Consensus Function from an $L_p^q-$norm Regularization Term for its Use as Adaptive Activation Functions in Neural Networks

The design of a neural network is usually carried out by defining the number of layers, the number of neurons per layer, their connections or synapses, and the activation function that they will execute. The training process tries to optimize the weights assigned to those connections, together with the biases of the neurons, to better fit the training data. However, the definition of the activation functions is, in general, determined in the design process and not modified during the training, meaning that their behavior is unrelated to the training data set. In this paper we propose the definition and utilization of an implicit, parametric, non-linear activation function that adapts its shape during the training process. This fact increases the space of parameters to optimize within the network, but it allows a greater flexibility and generalizes the concept of neural networks.
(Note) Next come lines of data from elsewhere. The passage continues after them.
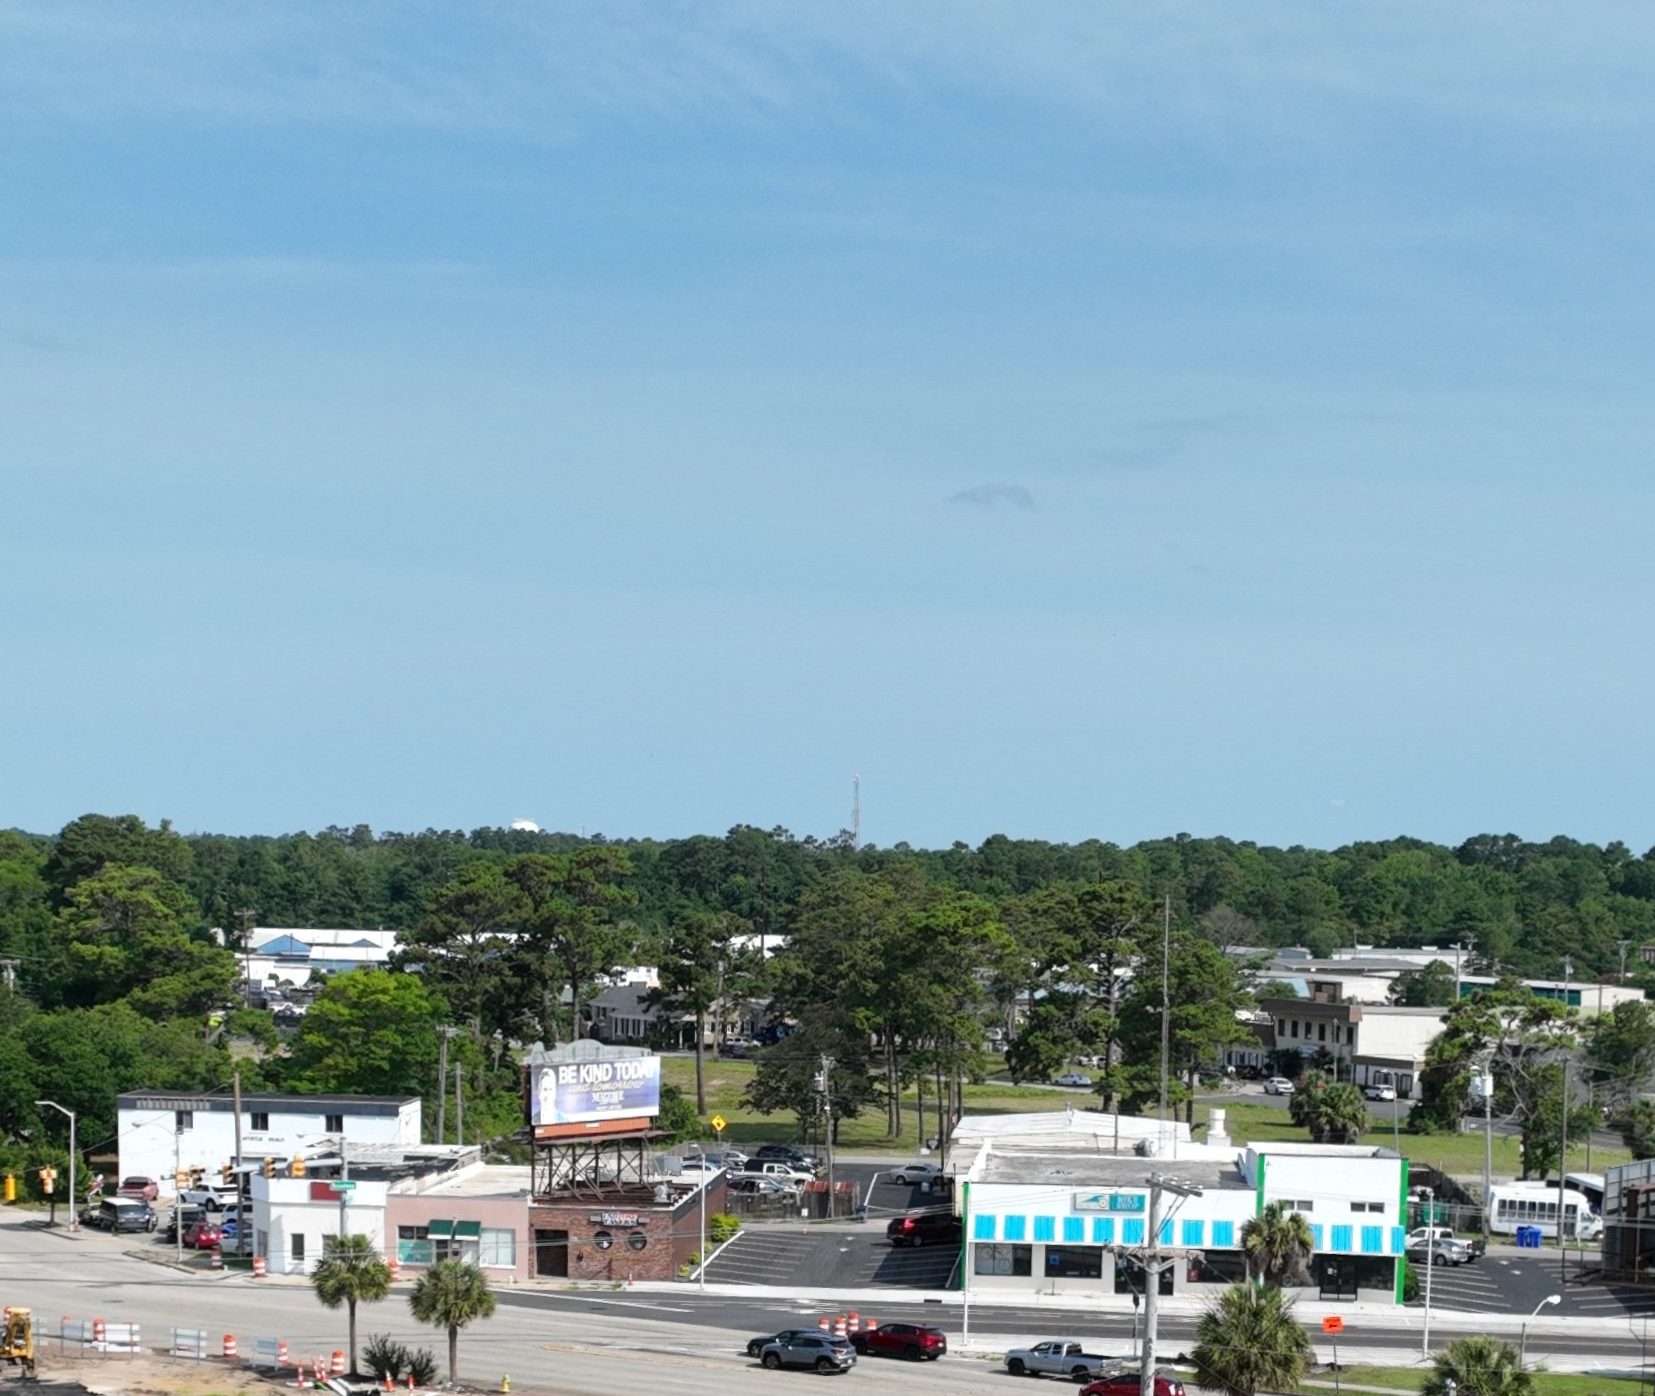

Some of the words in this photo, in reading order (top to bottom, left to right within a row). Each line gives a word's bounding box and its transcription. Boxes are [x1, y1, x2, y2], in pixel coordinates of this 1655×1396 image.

[558, 1065, 577, 1084] BE
[579, 1063, 613, 1083] KIND
[614, 1061, 655, 1080] TODAY
[593, 1080, 645, 1091] tomorrow
[1116, 1202, 1138, 1210] SHOP
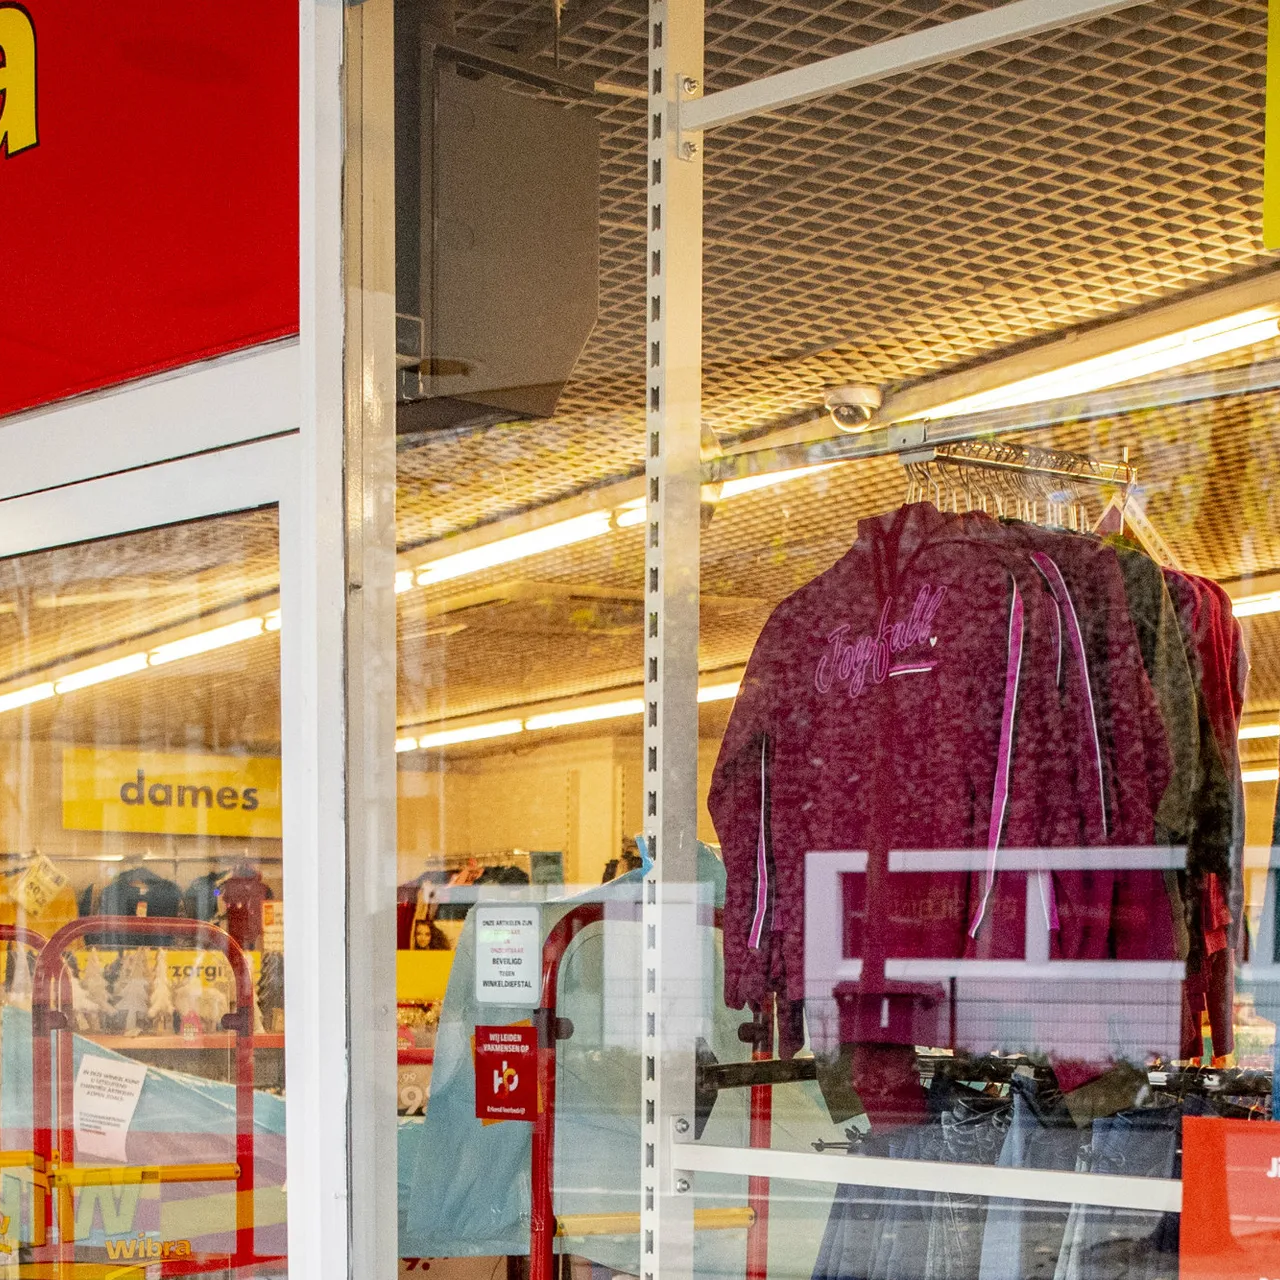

Furthermore, it simplifies the architectural design since the same activation function definition can be employed in each neuron, letting the training process to optimize their parameters and, thus, their behavior. Our proposed activation function comes from the definition of the consensus variable from the optimization of a linear underdetermined problem with an $L_p^q$ regularization term, via the Alternating Direction Method of Multipliers (ADMM). We define the neural networks using this type of activation functions as $pq-$networks. Preliminary results show that the use of these neural networks with this type of adaptive activation functions reduces the error in regression and classification examples, compared to equivalent regular feedforward neural networks with fixed activation functions.